Goal of the exercise —
Write out the records in full, exactly as given, but without the images.

BEGIN

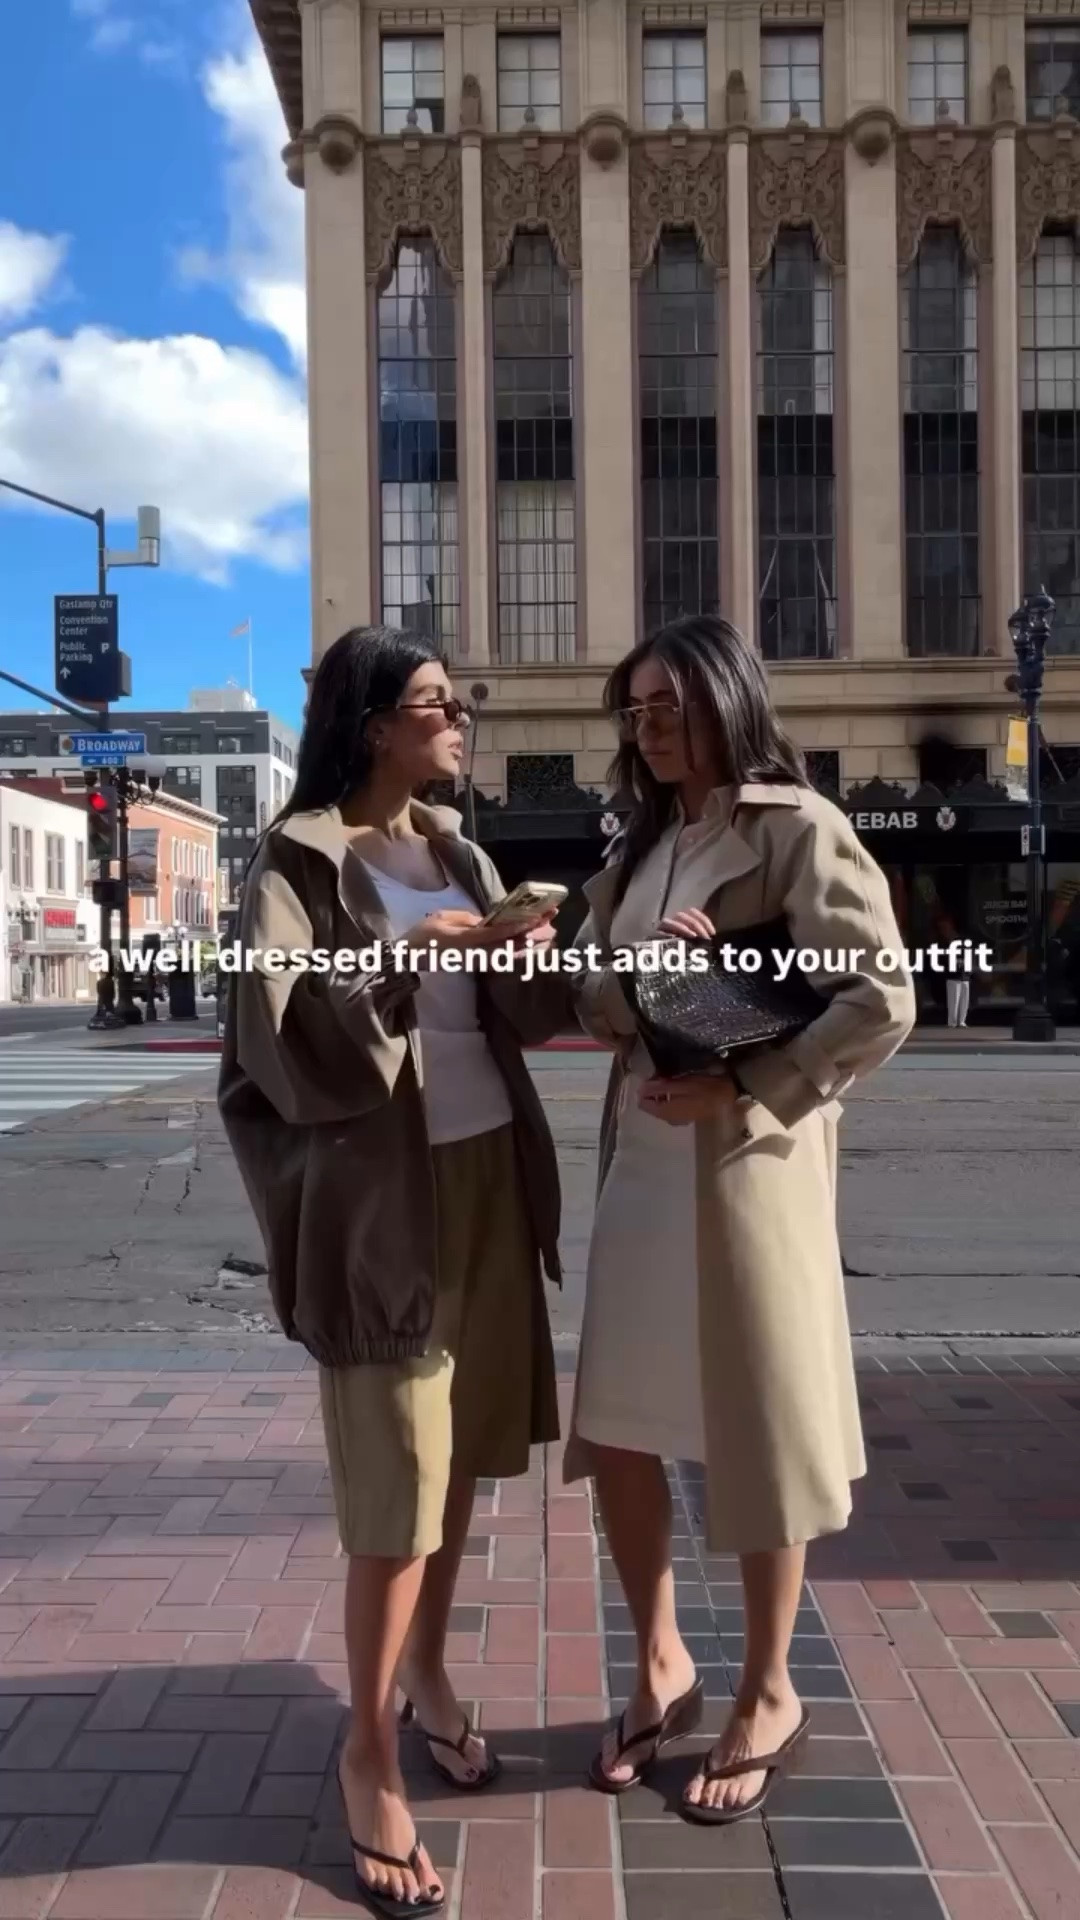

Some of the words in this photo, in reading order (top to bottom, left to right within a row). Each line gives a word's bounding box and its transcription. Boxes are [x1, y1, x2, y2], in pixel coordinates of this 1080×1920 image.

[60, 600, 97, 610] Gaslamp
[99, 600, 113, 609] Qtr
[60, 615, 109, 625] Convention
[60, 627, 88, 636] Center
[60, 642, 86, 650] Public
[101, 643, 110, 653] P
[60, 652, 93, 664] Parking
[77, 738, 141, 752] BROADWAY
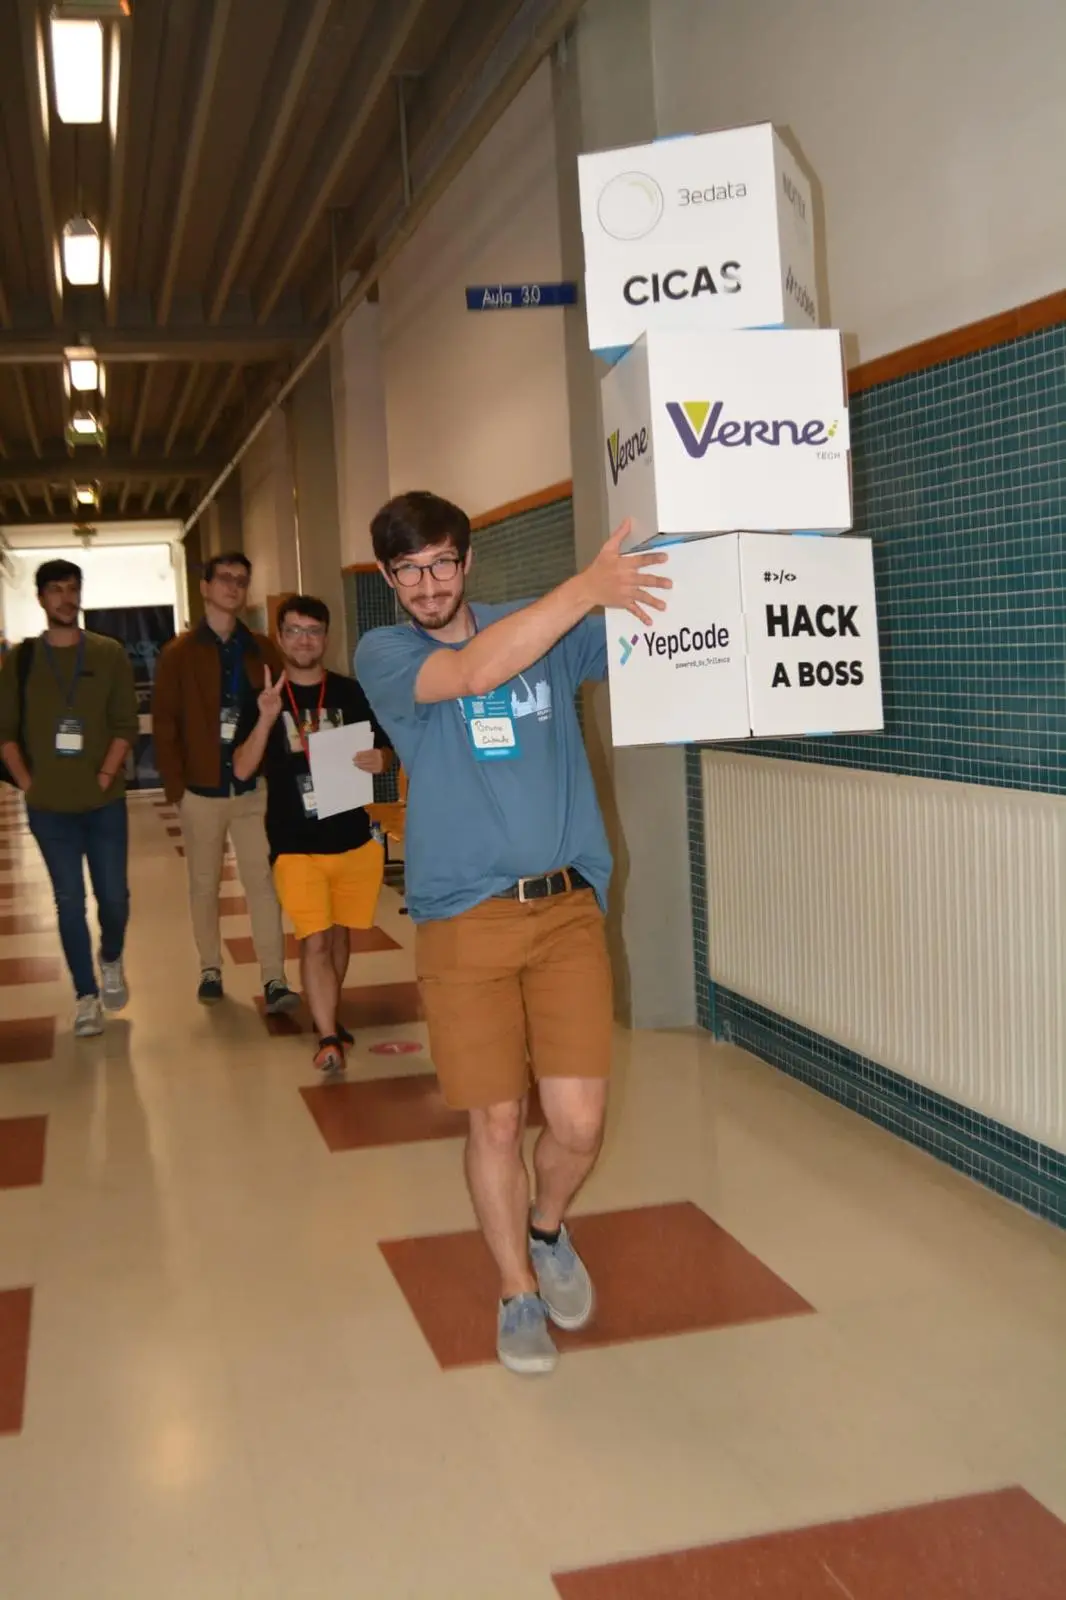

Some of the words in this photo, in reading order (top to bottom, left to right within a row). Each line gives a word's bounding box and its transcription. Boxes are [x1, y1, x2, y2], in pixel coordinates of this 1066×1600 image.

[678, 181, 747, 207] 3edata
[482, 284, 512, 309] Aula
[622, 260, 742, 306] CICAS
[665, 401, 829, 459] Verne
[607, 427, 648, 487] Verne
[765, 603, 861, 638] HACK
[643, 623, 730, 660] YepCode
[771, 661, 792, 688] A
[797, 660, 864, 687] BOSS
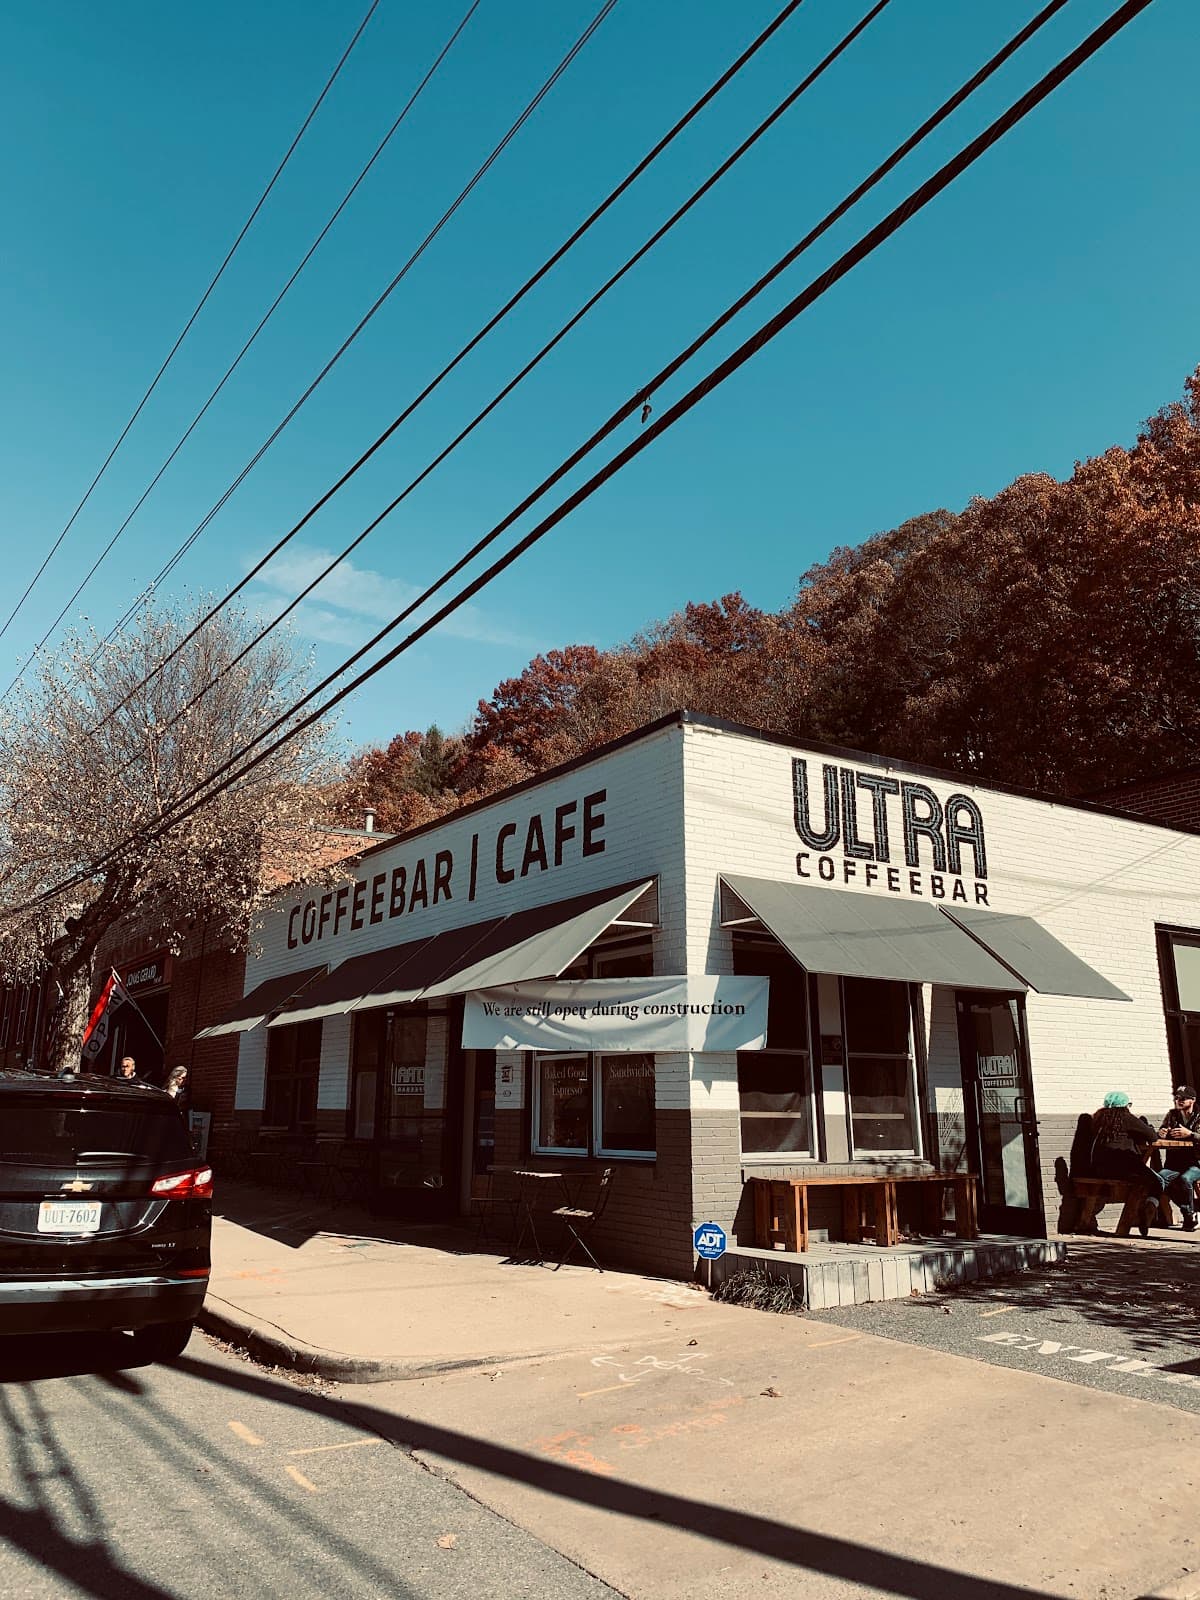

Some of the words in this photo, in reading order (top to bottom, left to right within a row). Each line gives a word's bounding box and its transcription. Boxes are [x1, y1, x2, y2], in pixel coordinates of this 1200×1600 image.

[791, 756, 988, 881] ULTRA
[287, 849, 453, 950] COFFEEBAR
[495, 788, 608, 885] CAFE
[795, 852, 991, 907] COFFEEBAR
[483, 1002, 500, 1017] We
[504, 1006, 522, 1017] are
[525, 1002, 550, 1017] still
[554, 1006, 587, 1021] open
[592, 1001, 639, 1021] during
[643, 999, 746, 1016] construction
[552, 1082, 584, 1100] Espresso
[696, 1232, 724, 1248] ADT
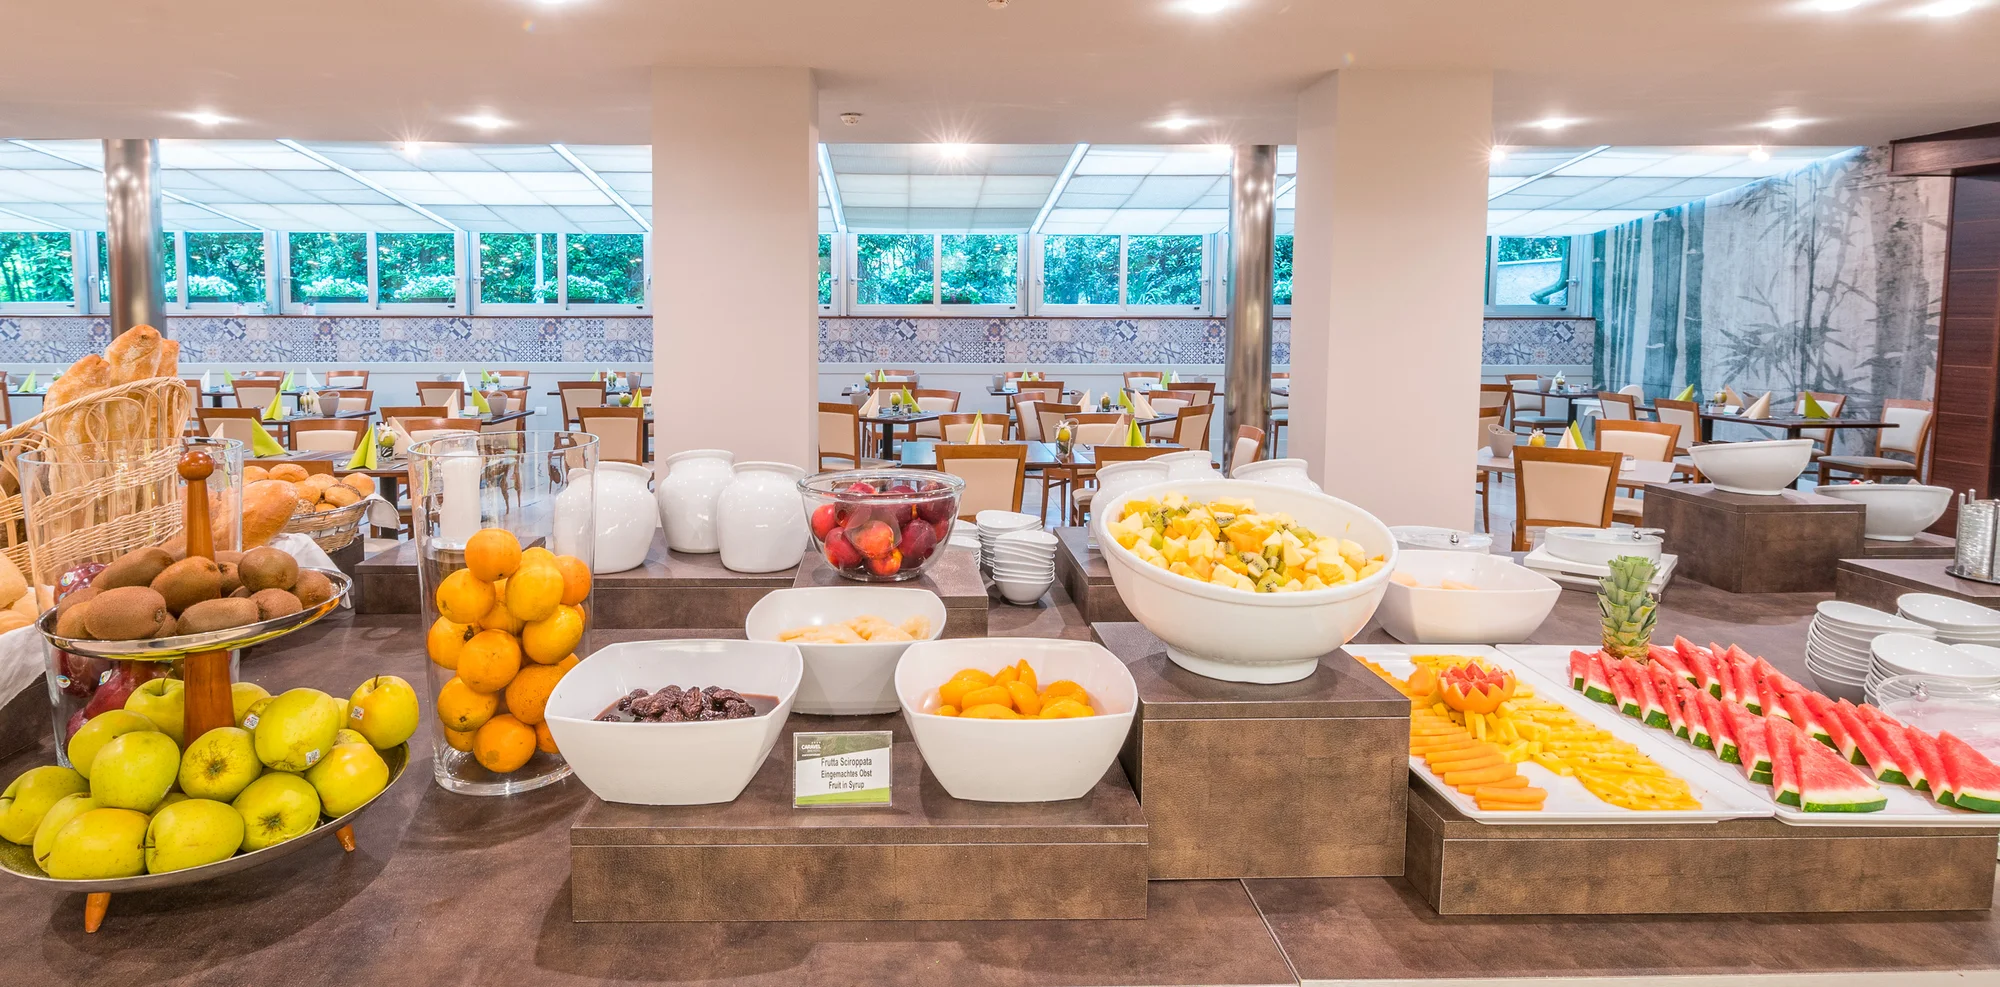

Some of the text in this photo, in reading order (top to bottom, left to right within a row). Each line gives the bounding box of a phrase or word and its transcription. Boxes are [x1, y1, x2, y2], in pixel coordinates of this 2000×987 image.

END

Problem solution —
Some of the words in this photo, in reading order (top to bottom, left to right within a row). Each line gives a word's bounding box and its transcription. Boxes are [x1, y1, x2, y2], in pixel coordinates of this 1080×1920 image.

[60, 600, 97, 610] Gaslamp
[99, 600, 113, 609] Qtr
[60, 615, 109, 625] Convention
[60, 627, 88, 636] Center
[60, 642, 86, 650] Public
[101, 643, 110, 653] P
[60, 652, 93, 664] Parking
[77, 738, 141, 752] BROADWAY

Some of the words in this photo, in reading order (top to bottom, left to right within a row). Each line gives a word's bounding box and its transcription. Boxes are [x1, y1, x2, y2], in pixel coordinates of this 1066×1600 image.

[678, 181, 747, 207] 3edata
[482, 284, 512, 309] Aula
[622, 260, 742, 306] CICAS
[665, 401, 829, 459] Verne
[607, 427, 648, 487] Verne
[765, 603, 861, 638] HACK
[643, 623, 730, 660] YepCode
[771, 661, 792, 688] A
[797, 660, 864, 687] BOSS

Some of the words in this photo, in reading order (top to bottom, left to right within a row). Each line gives a word's bounding box and its transcription. Boxes are [x1, y1, x2, y2], in pixel coordinates of this 1200×1600 image.

[791, 756, 988, 881] ULTRA
[287, 849, 453, 950] COFFEEBAR
[495, 788, 608, 885] CAFE
[795, 852, 991, 907] COFFEEBAR
[483, 1002, 500, 1017] We
[504, 1006, 522, 1017] are
[525, 1002, 550, 1017] still
[554, 1006, 587, 1021] open
[592, 1001, 639, 1021] during
[643, 999, 746, 1016] construction
[552, 1082, 584, 1100] Espresso
[696, 1232, 724, 1248] ADT

Some of the text in this photo, in reading order (top to bottom, left to right within a row). Each line gives the bounding box of a phrase or word and its transcription. Boxes are [x1, y1, x2, y2], in pixel coordinates of this 2000×987 image.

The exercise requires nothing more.